### Text-to-region grounding data
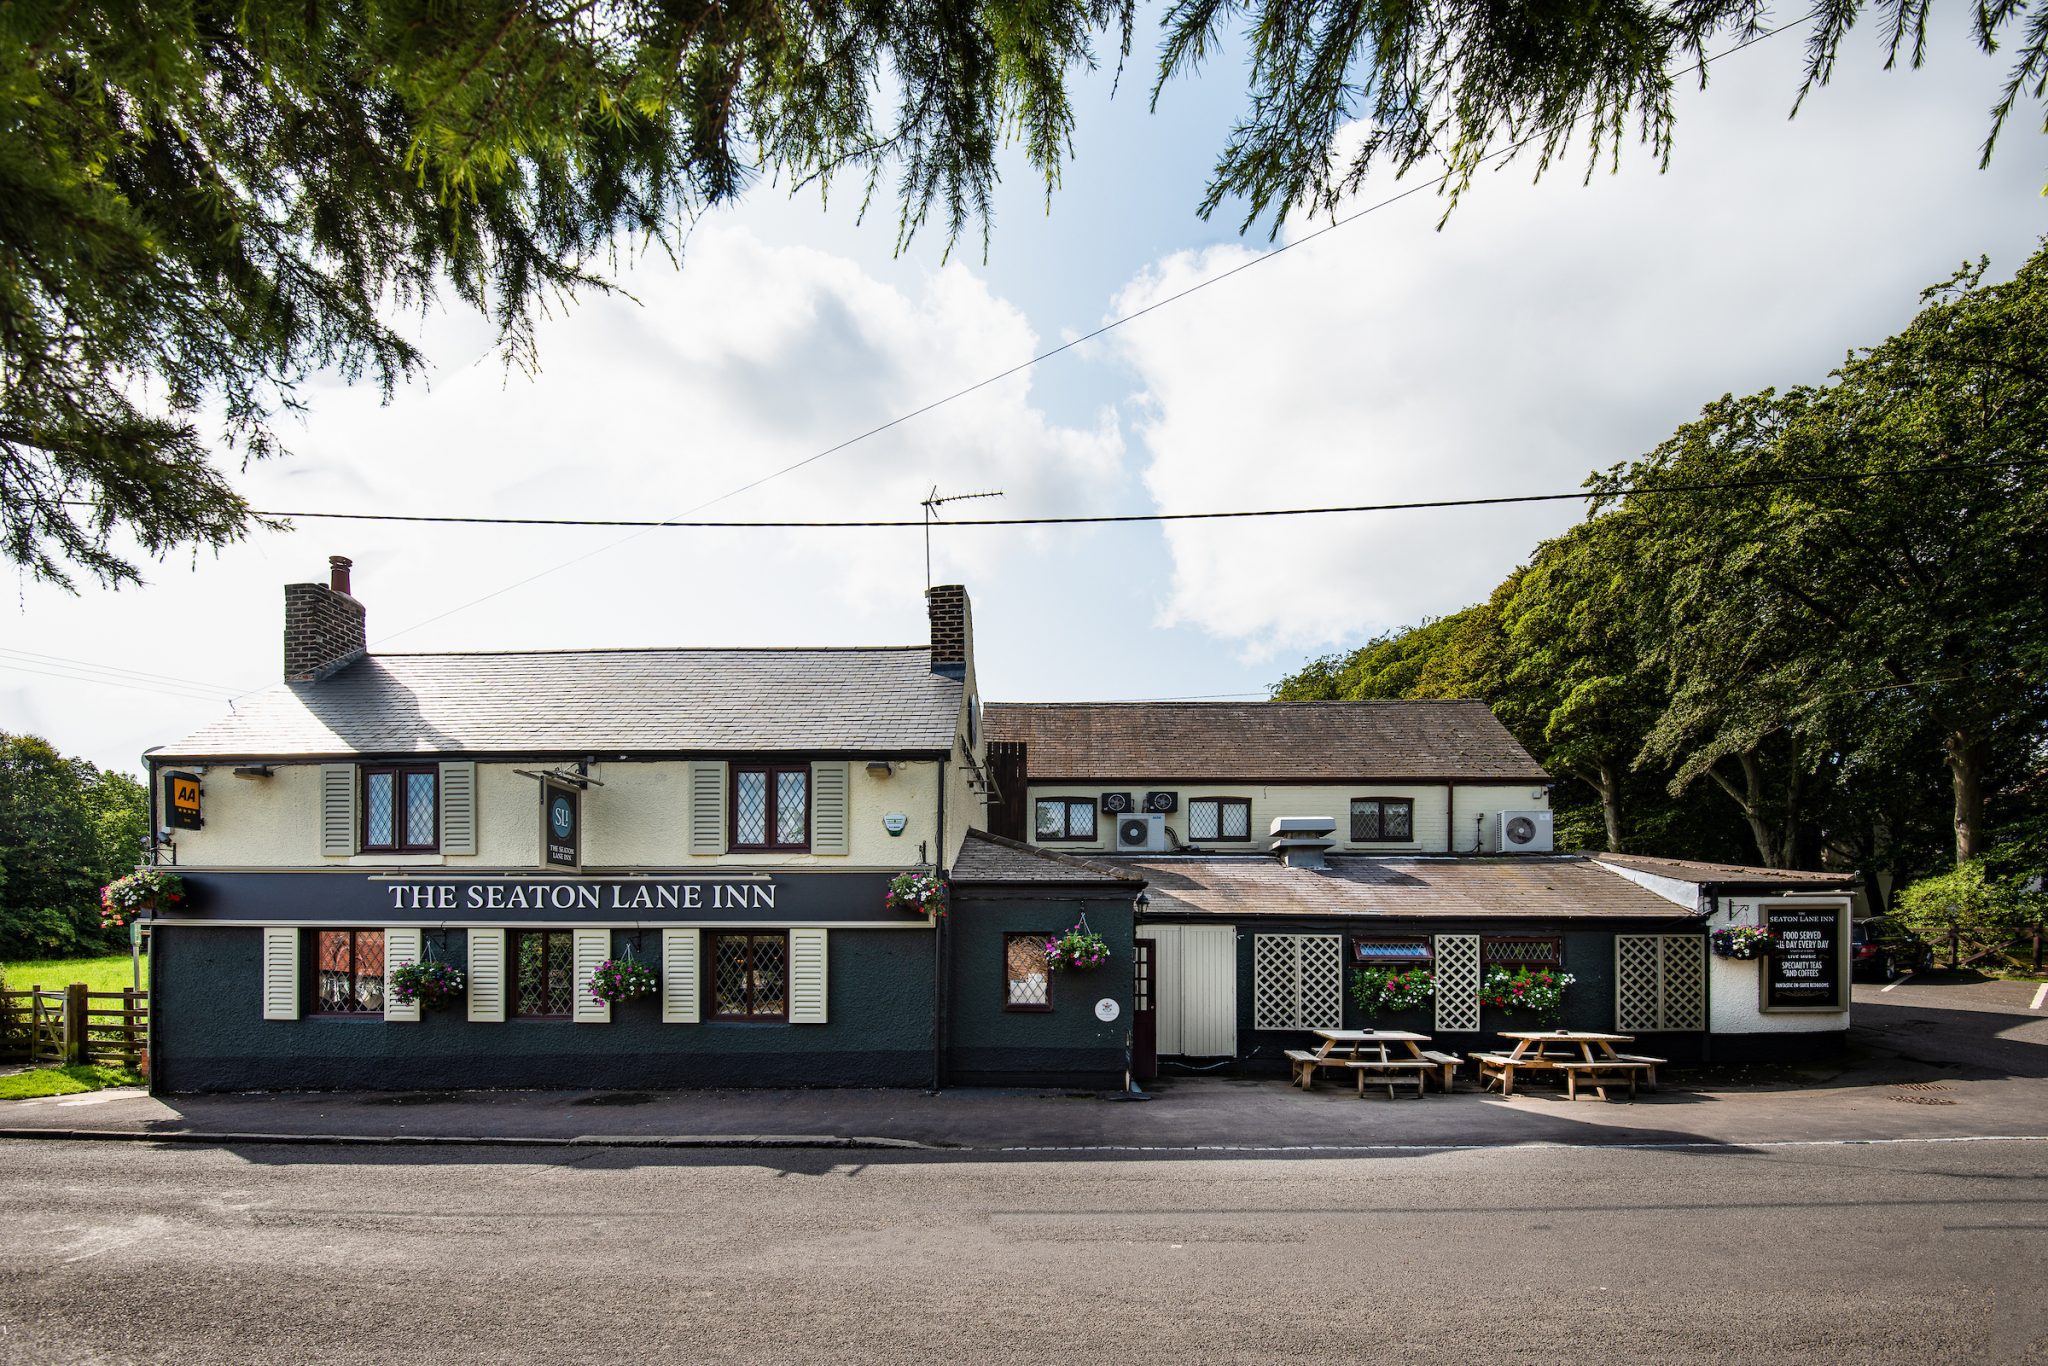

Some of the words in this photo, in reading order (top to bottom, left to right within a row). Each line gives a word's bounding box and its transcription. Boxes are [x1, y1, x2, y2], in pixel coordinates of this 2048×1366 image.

[178, 786, 195, 802] AA
[559, 846, 574, 854] SEATON
[388, 884, 457, 909] THE
[466, 884, 600, 909] SEATON
[611, 884, 703, 909] LANE
[712, 884, 777, 909] INN
[1783, 931, 1798, 940] FOOD
[1800, 931, 1821, 940] SERVED
[1786, 941, 1798, 949] DAY
[1798, 941, 1817, 949] EVERY
[1817, 941, 1829, 949] DAY
[1782, 961, 1809, 969] SPECIALITY
[1810, 961, 1822, 969] TEAS
[1785, 969, 1797, 977] AND
[1798, 969, 1819, 977] COFFEES
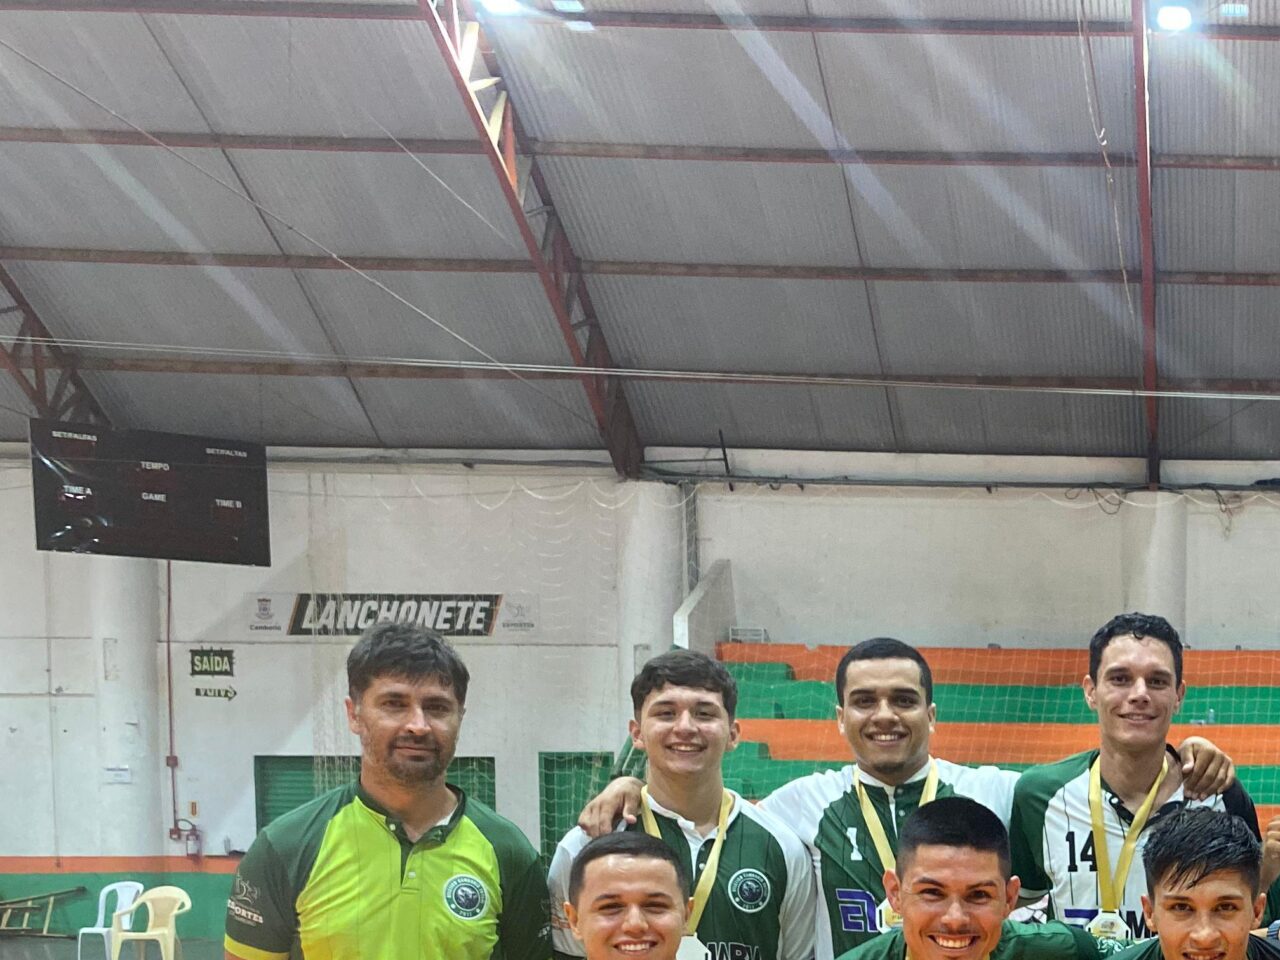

### Exercise directions
Output the records above exactly, leaving out pictures.

### Response area
Some of the words in this photo, in reading order (top to bottom, left to right within a row). Each line gives a word's bounding box and its transcription. Boxes are [x1, y1, x2, y2], in pixel coordinates of this 2048×1366 image.

[178, 786, 195, 802] AA
[559, 846, 574, 854] SEATON
[388, 884, 457, 909] THE
[466, 884, 600, 909] SEATON
[611, 884, 703, 909] LANE
[712, 884, 777, 909] INN
[1783, 931, 1798, 940] FOOD
[1800, 931, 1821, 940] SERVED
[1786, 941, 1798, 949] DAY
[1798, 941, 1817, 949] EVERY
[1817, 941, 1829, 949] DAY
[1782, 961, 1809, 969] SPECIALITY
[1810, 961, 1822, 969] TEAS
[1785, 969, 1797, 977] AND
[1798, 969, 1819, 977] COFFEES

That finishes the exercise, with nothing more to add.